Depression and anxiety are common in western cultures and many people take anti-depressants to help treat the condition. Many studies over the years have shown that yoga can help depression, but a recent study compared subjects who were depressed and those who were on medication and how they responded to yoga. All individuals who participated in yoga, with and without antidepressants, had a decrease in the depression score in comparison to those who had no yoga therapy and took antidepressants alone (7).

Balance, gait speed, and risk of falls are all issues for the geriatric population. In a study performed in 2014, researchers had a group of community-dwelling older adults participate in a 12 week yoga program. After 12 weeks of a bi-weekly yoga class, there was improvement in mobility, postural control, and gait speed based on the timed up and go test and the mini-BESTest, which tests balance and postural control (8.)
Contrary to using physical therapy as a primary intervention for chronic back pain, a recent randomized controlled trial compared 80 patients, males and females, half of whom performed 7 days of yoga and the other group perform physical therapy exercises for the back. The results showed that those in the week long yoga intensive had less pain, anxiety, and depression along with improved spinal mobility (9). Granted this was at a retreat and the 2 therapies were not combined, so it would be interesting to see the outcomes with both physical therapy and yoga.

Yoga may not be the activity of choice for many people, but it is helpful to know that yoga along with physical therapy can be helpful in the treatment of many physical aliments, injuries, and conditions.
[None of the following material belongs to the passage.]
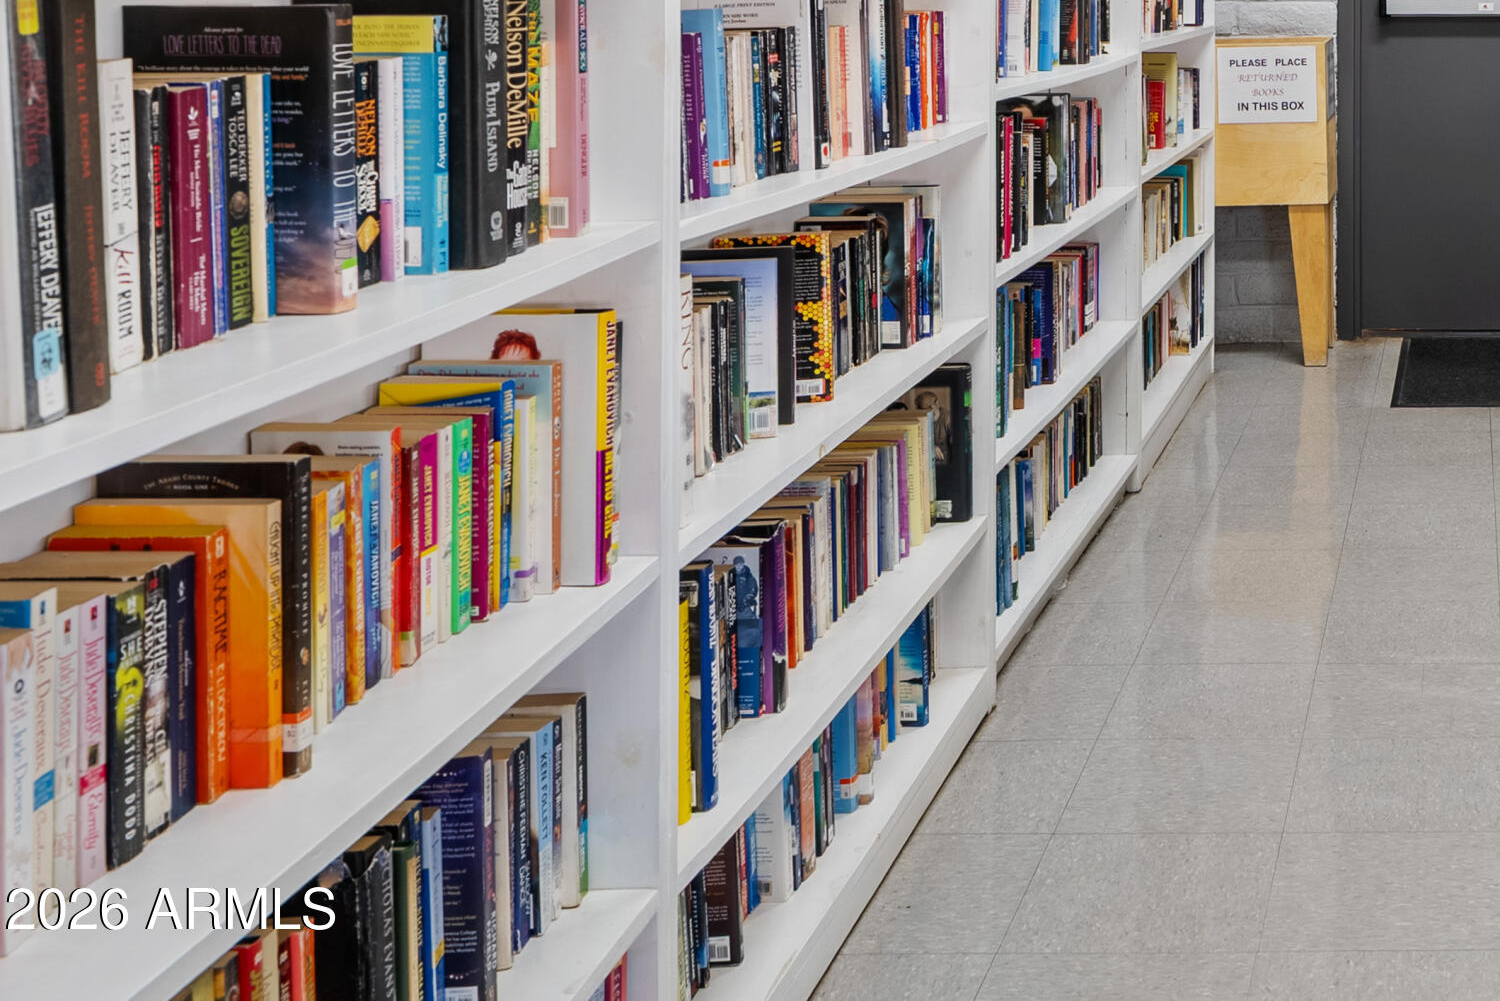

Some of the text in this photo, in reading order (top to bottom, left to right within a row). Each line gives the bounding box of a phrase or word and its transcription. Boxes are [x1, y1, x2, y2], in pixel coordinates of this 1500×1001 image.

1. Ebnezar J, Yogitha Bali M, John R, Gupta O. Role of integrated approach of yoga therapy in a failed post-total knee replacement of bilateral knees. International Journal of Yoga. 2014;7(2):160-164
2. Garfinkel M, Schumacher HR (2000) Jr Yoga. Rheum Dis Clin North Am 26:125-132.
3. Wren AA, Wright MA, Carson JW, Keefe FJ. Yoga for Persistent Pain: New Findings and Directions for an Ancient Practice. Pain. 2011;152(3):477-480.
4. Ravi, S. Physiotherapy and Yoga for Joint Pain Treatment: A Review. J Yoga Phys Ther 2016, 6: 234
5. Lynton, Holly, Benjamin Kligler, and Samuel Shiflett. “Yoga in stroke rehabilitation: a systematic review and results of a pilot study.” Topics in stroke rehabilitation (2014).
6. Huang, Alison J., et al. “A group-based yoga therapy intervention for urinary incontinence in women: a pilot randomized trial.” Female pelvic medicine & reconstructive surgery 20.3 (2014): 147.
7. Naveen, G. H., et al. “Positive therapeutic and neurotropic effects of yoga in depression: A comparative study.” Indian journal of psychiatry 55.7 (2013): 400.
8. Kelley KK, Aaron D, Hynds K, Machado E, Wolff M. The Effects of a Therapeutic Yoga Program on Postural Control, Mobility, and Gait Speed in Community-Dwelling Older Adults. Journal of Alternative and Complementary Medicine. 2014;20(12):949-954
9. Tekur, P., et al. “A comprehensive yoga programs improves pain, anxiety and depression in chronic low back pain patients more than exercise: an RCT.” Complementary therapies in medicine 20.3 (2012): 107-118.